Herlind nickte versonnen. "Ja, ich weiß, was Sie meinen. Als würde sich so ein Workflow von alleine machen ..."

"Sie sagen es. Es war eine Herausforderung. Vor allem, wenn man nach wie vor auf einer lächerlichen Assistentinnenstelle hockt!"

"Er hat sich nicht mal zur Geschäftsführerin gemacht? Lassen Sie mich raten - er hat ihr Gehalt erhöht!"

"Um drei Komma fünf Prozent!" Isabell seufzte.

"Als ginge es darum! Geld und Macht! Dabei ist alles, was man will, ein winziges bisschen Anerkennung!"

"Tatsächlich?" Isabell schien aufzuhorchen. Dann lächelte sie. "Ja. Man ist schon sehr naiv ..."

"Ja, und wenn dann die Blumen kommen, die Komplimente, Pralinen ..." Der Gedanke an Hugo Erwin Wolkenburg, der just in diesem Moment ein harmonisches Weihnachtsfest mit seiner Gattin feierte, den Kindern zuliebe, schnürte Herlind die Kehle zu. Sicher gab es Champagner, immerhin lief der Laden seit der Fusion mit Interstrumpf wie geschmiert. "Immerhin hat er sie geheiratet ..." Sie schluckte.

In diesem Moment betrat Klaus die Szene. Herlind war nicht sicher, was ihr mehr missfiel - der Umstand, dass er ihren geliebten hellgrünen Flauschbademantel trug oder die Flasche Rum, die er in der Hand hielt und bereits halb geleert hatte.
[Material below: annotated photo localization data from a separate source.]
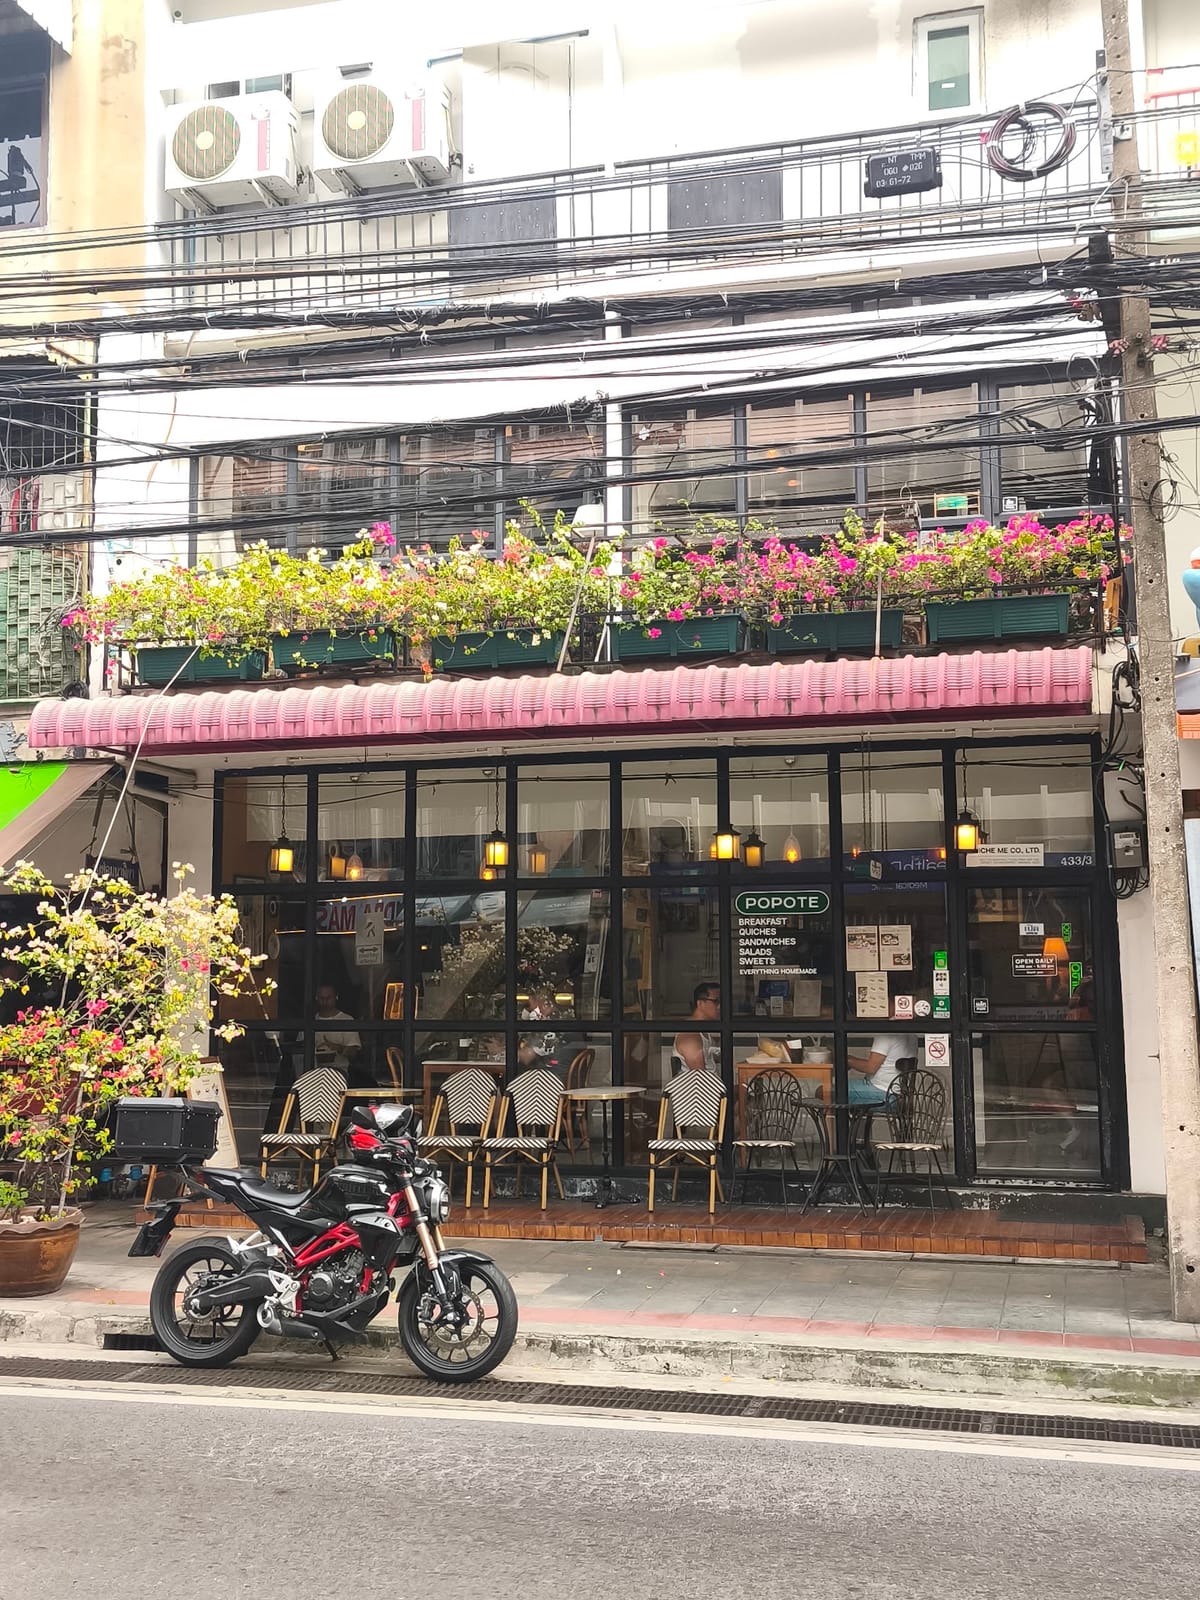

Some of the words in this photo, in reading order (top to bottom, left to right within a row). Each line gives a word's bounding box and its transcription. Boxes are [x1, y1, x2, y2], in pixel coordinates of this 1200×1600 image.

[1060, 855, 1093, 866] 433/3
[745, 896, 819, 910] POPOTE
[738, 917, 788, 926] BREAKFAST
[738, 928, 777, 936] QUICHES
[739, 937, 797, 946] SANDWICHES
[739, 948, 772, 956] SALADS
[739, 957, 776, 965] SWEETS
[780, 967, 817, 975] HOMEMADE
"Klaus! Musst du schon wieder trinken?"

"Ja! Ja, und ob ich trinken muss!" Er grinste schief. "Unterhaltet ihr euch gut? Verschmelzt ihr gerade in total positiven femininen social Skills?" Er prustete los.
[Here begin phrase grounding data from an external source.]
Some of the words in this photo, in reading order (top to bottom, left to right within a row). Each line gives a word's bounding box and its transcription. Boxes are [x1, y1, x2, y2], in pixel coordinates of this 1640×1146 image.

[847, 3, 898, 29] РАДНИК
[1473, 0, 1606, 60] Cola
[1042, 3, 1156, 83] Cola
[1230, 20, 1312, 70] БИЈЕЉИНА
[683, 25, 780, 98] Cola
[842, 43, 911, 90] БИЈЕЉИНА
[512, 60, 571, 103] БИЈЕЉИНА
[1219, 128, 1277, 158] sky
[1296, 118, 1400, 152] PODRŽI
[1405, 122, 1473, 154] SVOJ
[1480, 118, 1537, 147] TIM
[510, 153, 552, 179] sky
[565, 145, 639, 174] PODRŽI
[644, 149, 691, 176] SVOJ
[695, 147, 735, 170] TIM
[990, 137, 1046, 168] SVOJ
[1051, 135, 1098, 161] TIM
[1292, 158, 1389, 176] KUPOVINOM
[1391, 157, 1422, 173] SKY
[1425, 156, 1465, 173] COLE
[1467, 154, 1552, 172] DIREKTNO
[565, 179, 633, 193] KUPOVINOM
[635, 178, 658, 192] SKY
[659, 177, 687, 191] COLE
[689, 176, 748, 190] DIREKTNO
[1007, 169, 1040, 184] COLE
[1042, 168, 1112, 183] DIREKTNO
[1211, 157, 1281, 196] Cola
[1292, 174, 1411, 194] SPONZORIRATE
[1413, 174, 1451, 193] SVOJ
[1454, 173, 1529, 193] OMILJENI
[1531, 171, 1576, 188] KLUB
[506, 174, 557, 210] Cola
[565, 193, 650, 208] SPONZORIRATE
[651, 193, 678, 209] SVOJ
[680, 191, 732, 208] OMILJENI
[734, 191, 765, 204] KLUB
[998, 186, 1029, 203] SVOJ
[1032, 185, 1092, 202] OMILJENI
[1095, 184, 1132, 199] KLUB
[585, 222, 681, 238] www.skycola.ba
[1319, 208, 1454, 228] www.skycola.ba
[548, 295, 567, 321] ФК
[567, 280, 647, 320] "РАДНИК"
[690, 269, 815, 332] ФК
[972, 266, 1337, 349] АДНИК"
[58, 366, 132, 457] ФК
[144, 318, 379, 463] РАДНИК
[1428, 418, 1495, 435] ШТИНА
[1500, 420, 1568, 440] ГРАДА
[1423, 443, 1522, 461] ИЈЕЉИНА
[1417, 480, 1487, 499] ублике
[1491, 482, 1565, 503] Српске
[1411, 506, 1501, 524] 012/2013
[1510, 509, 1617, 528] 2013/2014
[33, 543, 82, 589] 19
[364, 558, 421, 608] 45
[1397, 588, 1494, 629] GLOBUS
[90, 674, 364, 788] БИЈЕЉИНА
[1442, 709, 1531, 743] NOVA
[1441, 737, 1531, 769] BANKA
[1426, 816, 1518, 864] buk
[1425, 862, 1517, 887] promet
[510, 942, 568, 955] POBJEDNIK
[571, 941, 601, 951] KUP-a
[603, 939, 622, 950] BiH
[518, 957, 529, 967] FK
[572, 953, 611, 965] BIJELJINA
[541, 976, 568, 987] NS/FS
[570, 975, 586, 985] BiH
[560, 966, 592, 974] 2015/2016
"Sie sind ja betrunken!" Herlind rümpfte die Nase.

"Richtig! Und das ist auch gut so. Anders könnte ich die Vorträge dieses betriebswirtschaftlichen Erbsenhirns nicht die ganze Nacht ertragen! Glauben Sie mir, das ist nüchtern nicht machbar!"
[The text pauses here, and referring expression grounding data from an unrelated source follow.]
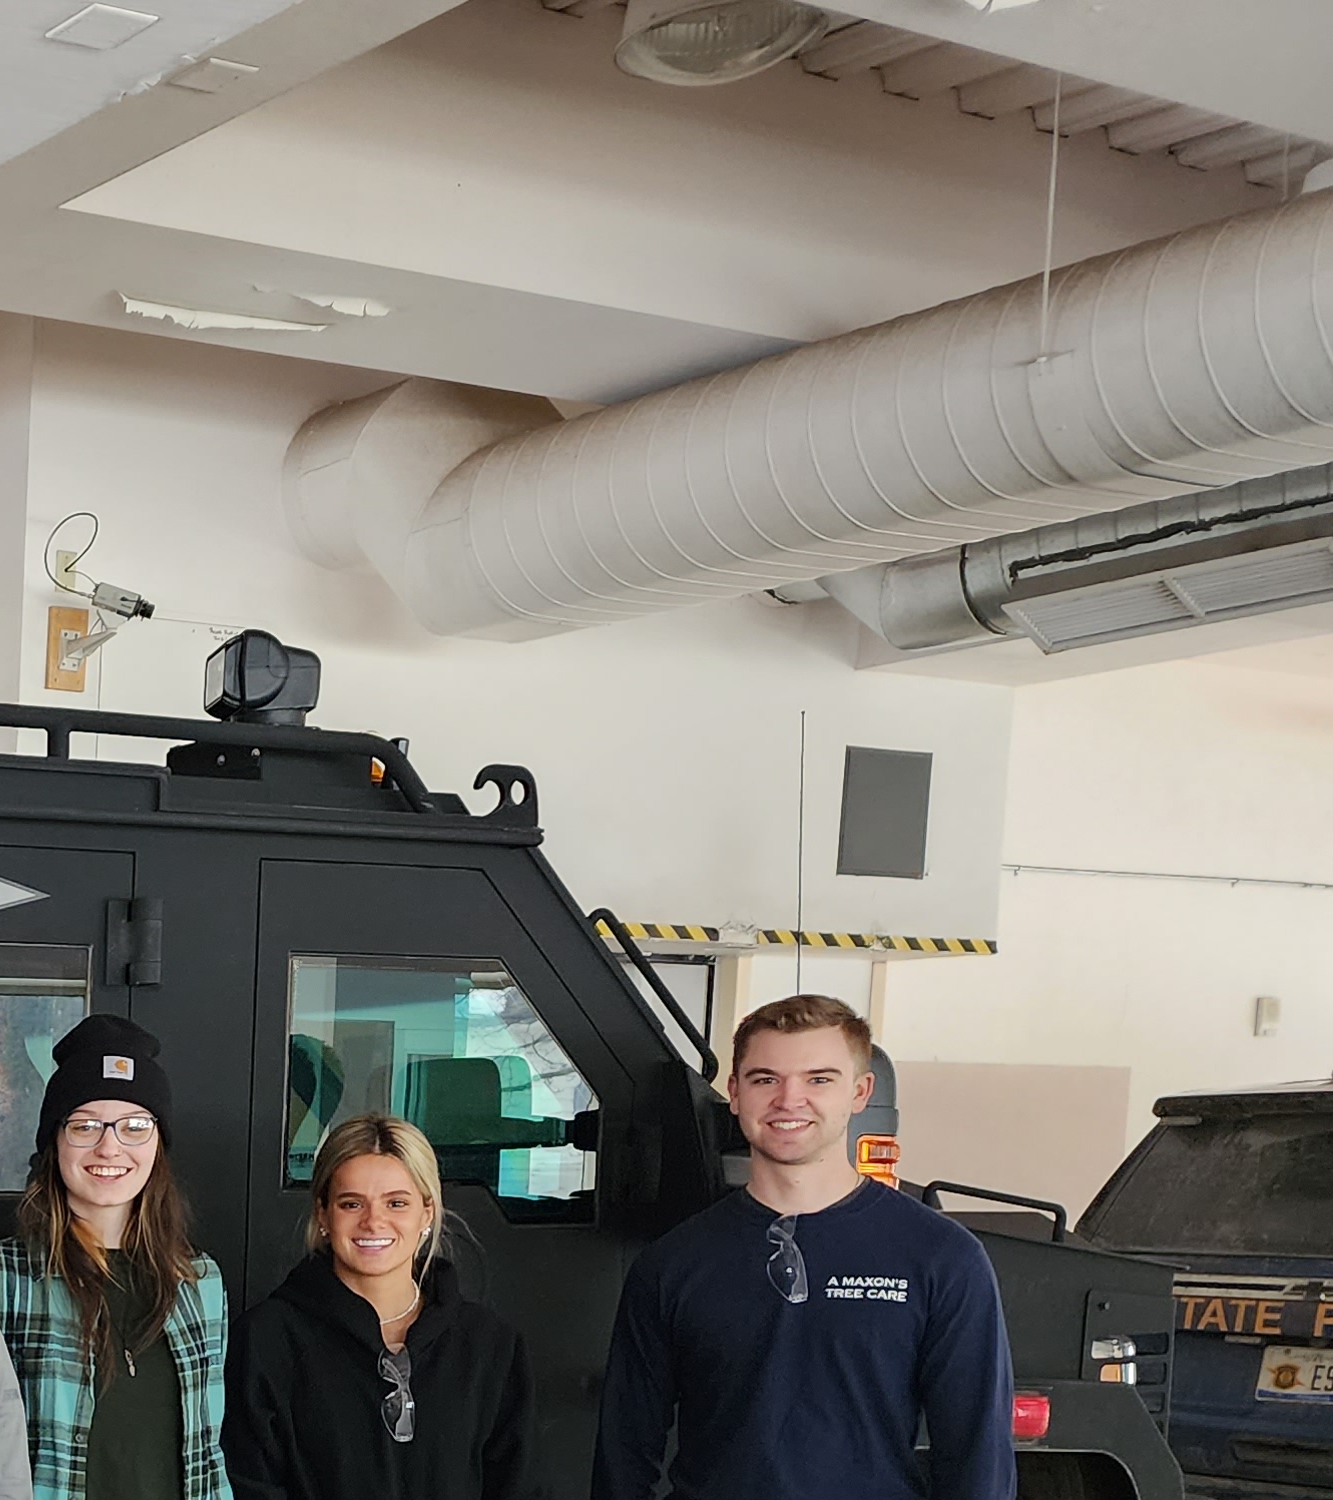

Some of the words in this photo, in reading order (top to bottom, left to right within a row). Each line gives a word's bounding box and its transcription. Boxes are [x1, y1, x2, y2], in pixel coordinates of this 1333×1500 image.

[827, 1275, 840, 1287] A
[841, 1275, 909, 1290] MAXON'S
[824, 1287, 865, 1299] TREE
[866, 1288, 909, 1303] CARE
[1180, 1296, 1286, 1335] TATE
"Klaus!" Isabells Stimme zitterte gefährlich. "Überspann den Bogen nicht!"

Er warf ihr einen verächtlichen Blick zu. "Es ist Weihnachten, du blöde Schnepfe. Du verstehst überhaupt nicht, worum es eigentlich geht!"

"Ich glaube, das verstehe ich weit besser als du!"

"Nein, das tust du eben nicht! Für dich ist alles nur business. Profit. Das ist so erbärmlich!" Er zog die Nase hoch. "Ich mach da nicht mehr mit!"

Isabell holte tief Luft. "So! Du machst da nicht mehr mit?"

Klaus rülpste laut und schüttelte den Kopf.

Isabell stampfte mit dem Fuß auf. "Gut! Bitte! Keiner zwingt dich. Im Gegenteil! Du bist raus. Raus, mein Lieber. Gefeuert!"

Klaus lachte hämisch. "Schwachsinn!"

"Das ist kein Schwachsinn! Ich bin sicher, dass der Aufsichtsrat meine Entscheidung voll unterstützt!"

"Oh, ja, natürlich!", brüllte Klaus, nun doch außer Fassung. "Du schläfst ja nicht umsonst mit den Herren!"

"Das gehört nun wirklich nicht hierher!", fauchte Isabell.

"Damit kommst du nicht durch!" Klaus schien auf einmal den Tränen nahe. "Das geht so nicht! Weihnachten, meine Liebe, Weihnachten bin immer noch ich!"

"Ach ja?" Isabell griff nach Mantel und Bart. Sie wandte sich Herlind zu. Diese verstand sofort. Der Mantel war etwas weit und der Bart fusselte in ihren Mund, aber es fühlte sich nicht übel an.

"Ziehen Sie das sofort aus!", heulte Klaus. "Das sind meine Sachen!"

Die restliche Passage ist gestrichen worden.